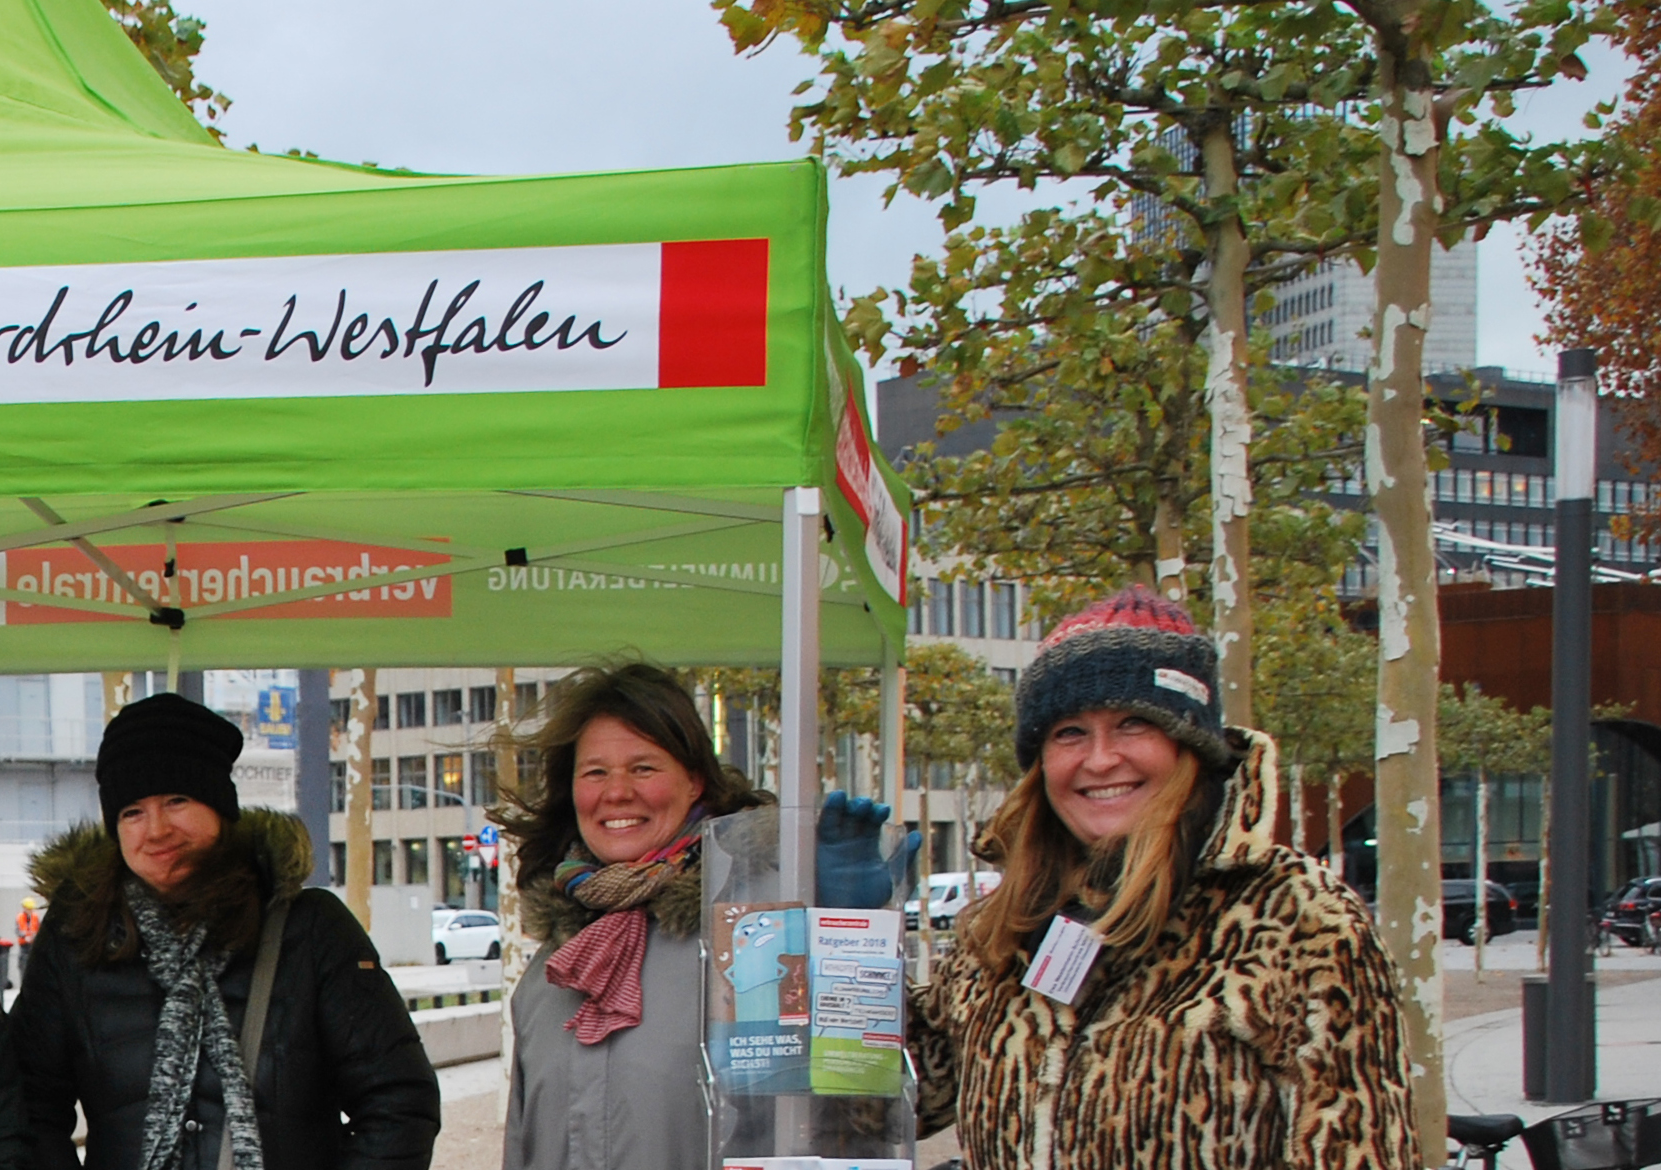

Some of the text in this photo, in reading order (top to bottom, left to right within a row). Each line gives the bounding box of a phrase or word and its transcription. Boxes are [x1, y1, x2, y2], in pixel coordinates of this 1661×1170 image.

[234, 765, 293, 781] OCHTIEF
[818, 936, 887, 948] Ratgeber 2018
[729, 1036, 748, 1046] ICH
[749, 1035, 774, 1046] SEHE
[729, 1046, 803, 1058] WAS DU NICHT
-.-.-
_WORK INSTRUCTION_
Could the entries above be restated word for word, with the pictures left out?

_PROBLEM SOLUTION_
Some of the text in this photo, in reading order (top to bottom, left to right within a row). Each line gives the bounding box of a phrase or word and its transcription. Boxes are [x1, y1, x2, y2], in pixel coordinates of this 1661×1170 image.

[234, 765, 293, 781] OCHTIEF
[818, 936, 887, 948] Ratgeber 2018
[729, 1036, 748, 1046] ICH
[749, 1035, 774, 1046] SEHE
[729, 1046, 803, 1058] WAS DU NICHT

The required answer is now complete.